▸ REQUIRED ACTION: Each record must be reproduced exactly as it is shown.

Records from a data source:
-.-.-

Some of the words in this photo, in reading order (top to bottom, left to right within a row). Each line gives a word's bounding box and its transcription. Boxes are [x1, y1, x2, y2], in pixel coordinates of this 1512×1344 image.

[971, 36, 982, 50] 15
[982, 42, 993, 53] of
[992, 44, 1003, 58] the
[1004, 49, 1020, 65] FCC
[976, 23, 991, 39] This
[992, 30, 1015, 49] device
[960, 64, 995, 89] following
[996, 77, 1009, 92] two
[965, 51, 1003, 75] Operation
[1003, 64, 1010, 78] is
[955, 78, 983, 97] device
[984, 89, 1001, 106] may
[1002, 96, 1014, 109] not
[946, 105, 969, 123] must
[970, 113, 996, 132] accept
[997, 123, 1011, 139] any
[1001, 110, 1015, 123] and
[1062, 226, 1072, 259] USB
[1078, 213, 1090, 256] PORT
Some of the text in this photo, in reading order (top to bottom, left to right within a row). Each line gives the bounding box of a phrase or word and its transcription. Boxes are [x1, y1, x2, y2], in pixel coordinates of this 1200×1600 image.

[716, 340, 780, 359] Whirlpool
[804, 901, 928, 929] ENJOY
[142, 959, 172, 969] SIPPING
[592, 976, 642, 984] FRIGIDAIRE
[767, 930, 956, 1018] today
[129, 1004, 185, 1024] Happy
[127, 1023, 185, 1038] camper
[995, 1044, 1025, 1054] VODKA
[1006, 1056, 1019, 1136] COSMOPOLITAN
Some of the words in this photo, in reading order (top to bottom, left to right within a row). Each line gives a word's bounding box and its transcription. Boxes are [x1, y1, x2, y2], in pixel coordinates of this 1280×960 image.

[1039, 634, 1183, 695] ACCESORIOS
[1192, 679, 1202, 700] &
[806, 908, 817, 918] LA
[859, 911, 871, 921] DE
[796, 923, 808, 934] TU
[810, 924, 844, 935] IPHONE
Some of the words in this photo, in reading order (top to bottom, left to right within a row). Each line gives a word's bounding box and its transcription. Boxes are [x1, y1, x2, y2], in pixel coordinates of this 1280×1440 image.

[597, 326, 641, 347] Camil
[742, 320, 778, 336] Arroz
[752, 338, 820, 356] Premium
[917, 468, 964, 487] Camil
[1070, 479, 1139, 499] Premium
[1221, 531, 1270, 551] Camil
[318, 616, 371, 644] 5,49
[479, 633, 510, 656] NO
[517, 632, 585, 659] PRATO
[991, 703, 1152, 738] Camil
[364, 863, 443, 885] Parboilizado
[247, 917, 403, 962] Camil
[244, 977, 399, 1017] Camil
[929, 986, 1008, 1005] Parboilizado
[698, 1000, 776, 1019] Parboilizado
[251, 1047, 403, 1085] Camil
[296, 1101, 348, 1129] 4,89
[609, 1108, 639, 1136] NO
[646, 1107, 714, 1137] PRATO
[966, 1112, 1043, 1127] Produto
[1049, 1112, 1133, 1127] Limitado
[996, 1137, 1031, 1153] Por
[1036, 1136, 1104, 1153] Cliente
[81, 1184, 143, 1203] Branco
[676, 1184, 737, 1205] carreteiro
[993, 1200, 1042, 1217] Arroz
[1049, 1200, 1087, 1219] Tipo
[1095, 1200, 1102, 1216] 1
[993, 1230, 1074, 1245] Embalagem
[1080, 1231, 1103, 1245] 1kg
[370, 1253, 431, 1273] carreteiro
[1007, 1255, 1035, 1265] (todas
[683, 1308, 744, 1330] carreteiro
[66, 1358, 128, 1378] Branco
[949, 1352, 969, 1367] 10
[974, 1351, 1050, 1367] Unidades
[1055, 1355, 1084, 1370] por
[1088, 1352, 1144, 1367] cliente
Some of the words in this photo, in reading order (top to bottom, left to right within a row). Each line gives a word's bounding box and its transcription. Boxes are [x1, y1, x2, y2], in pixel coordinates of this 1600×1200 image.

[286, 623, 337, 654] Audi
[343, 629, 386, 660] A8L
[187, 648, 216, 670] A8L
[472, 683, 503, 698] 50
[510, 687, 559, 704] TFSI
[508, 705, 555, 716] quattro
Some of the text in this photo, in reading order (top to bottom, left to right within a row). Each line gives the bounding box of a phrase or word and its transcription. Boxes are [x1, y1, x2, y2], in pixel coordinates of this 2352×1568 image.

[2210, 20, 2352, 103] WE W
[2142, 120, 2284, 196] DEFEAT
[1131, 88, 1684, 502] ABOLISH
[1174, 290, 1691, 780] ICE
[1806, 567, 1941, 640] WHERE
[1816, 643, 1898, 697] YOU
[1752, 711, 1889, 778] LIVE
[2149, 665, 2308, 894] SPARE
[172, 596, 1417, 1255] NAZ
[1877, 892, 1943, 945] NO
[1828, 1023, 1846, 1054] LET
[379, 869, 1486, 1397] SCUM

-.-.-

▸ SOLUTION TO THE EXERCISE:
Some of the words in this photo, in reading order (top to bottom, left to right within a row). Each line gives a word's bounding box and its transcription. Boxes are [x1, y1, x2, y2], in pixel coordinates of this 1512×1344 image.

[971, 36, 982, 50] 15
[982, 42, 993, 53] of
[992, 44, 1003, 58] the
[1004, 49, 1020, 65] FCC
[976, 23, 991, 39] This
[992, 30, 1015, 49] device
[960, 64, 995, 89] following
[996, 77, 1009, 92] two
[965, 51, 1003, 75] Operation
[1003, 64, 1010, 78] is
[955, 78, 983, 97] device
[984, 89, 1001, 106] may
[1002, 96, 1014, 109] not
[946, 105, 969, 123] must
[970, 113, 996, 132] accept
[997, 123, 1011, 139] any
[1001, 110, 1015, 123] and
[1062, 226, 1072, 259] USB
[1078, 213, 1090, 256] PORT
Some of the text in this photo, in reading order (top to bottom, left to right within a row). Each line gives the bounding box of a phrase or word and its transcription. Boxes are [x1, y1, x2, y2], in pixel coordinates of this 1200×1600 image.

[716, 340, 780, 359] Whirlpool
[804, 901, 928, 929] ENJOY
[142, 959, 172, 969] SIPPING
[592, 976, 642, 984] FRIGIDAIRE
[767, 930, 956, 1018] today
[129, 1004, 185, 1024] Happy
[127, 1023, 185, 1038] camper
[995, 1044, 1025, 1054] VODKA
[1006, 1056, 1019, 1136] COSMOPOLITAN
Some of the words in this photo, in reading order (top to bottom, left to right within a row). Each line gives a word's bounding box and its transcription. Boxes are [x1, y1, x2, y2], in pixel coordinates of this 1280×960 image.

[1039, 634, 1183, 695] ACCESORIOS
[1192, 679, 1202, 700] &
[806, 908, 817, 918] LA
[859, 911, 871, 921] DE
[796, 923, 808, 934] TU
[810, 924, 844, 935] IPHONE
Some of the words in this photo, in reading order (top to bottom, left to right within a row). Each line gives a word's bounding box and its transcription. Boxes are [x1, y1, x2, y2], in pixel coordinates of this 1280×1440 image.

[597, 326, 641, 347] Camil
[742, 320, 778, 336] Arroz
[752, 338, 820, 356] Premium
[917, 468, 964, 487] Camil
[1070, 479, 1139, 499] Premium
[1221, 531, 1270, 551] Camil
[318, 616, 371, 644] 5,49
[479, 633, 510, 656] NO
[517, 632, 585, 659] PRATO
[991, 703, 1152, 738] Camil
[364, 863, 443, 885] Parboilizado
[247, 917, 403, 962] Camil
[244, 977, 399, 1017] Camil
[929, 986, 1008, 1005] Parboilizado
[698, 1000, 776, 1019] Parboilizado
[251, 1047, 403, 1085] Camil
[296, 1101, 348, 1129] 4,89
[609, 1108, 639, 1136] NO
[646, 1107, 714, 1137] PRATO
[966, 1112, 1043, 1127] Produto
[1049, 1112, 1133, 1127] Limitado
[996, 1137, 1031, 1153] Por
[1036, 1136, 1104, 1153] Cliente
[81, 1184, 143, 1203] Branco
[676, 1184, 737, 1205] carreteiro
[993, 1200, 1042, 1217] Arroz
[1049, 1200, 1087, 1219] Tipo
[1095, 1200, 1102, 1216] 1
[993, 1230, 1074, 1245] Embalagem
[1080, 1231, 1103, 1245] 1kg
[370, 1253, 431, 1273] carreteiro
[1007, 1255, 1035, 1265] (todas
[683, 1308, 744, 1330] carreteiro
[66, 1358, 128, 1378] Branco
[949, 1352, 969, 1367] 10
[974, 1351, 1050, 1367] Unidades
[1055, 1355, 1084, 1370] por
[1088, 1352, 1144, 1367] cliente
Some of the words in this photo, in reading order (top to bottom, left to right within a row). Each line gives a word's bounding box and its transcription. Boxes are [x1, y1, x2, y2], in pixel coordinates of this 1600×1200 image.

[286, 623, 337, 654] Audi
[343, 629, 386, 660] A8L
[187, 648, 216, 670] A8L
[472, 683, 503, 698] 50
[510, 687, 559, 704] TFSI
[508, 705, 555, 716] quattro
Some of the text in this photo, in reading order (top to bottom, left to right within a row). Each line gives the bounding box of a phrase or word and its transcription. Boxes are [x1, y1, x2, y2], in pixel coordinates of this 2352×1568 image.

[2210, 20, 2352, 103] WE W
[2142, 120, 2284, 196] DEFEAT
[1131, 88, 1684, 502] ABOLISH
[1174, 290, 1691, 780] ICE
[1806, 567, 1941, 640] WHERE
[1816, 643, 1898, 697] YOU
[1752, 711, 1889, 778] LIVE
[2149, 665, 2308, 894] SPARE
[172, 596, 1417, 1255] NAZ
[1877, 892, 1943, 945] NO
[1828, 1023, 1846, 1054] LET
[379, 869, 1486, 1397] SCUM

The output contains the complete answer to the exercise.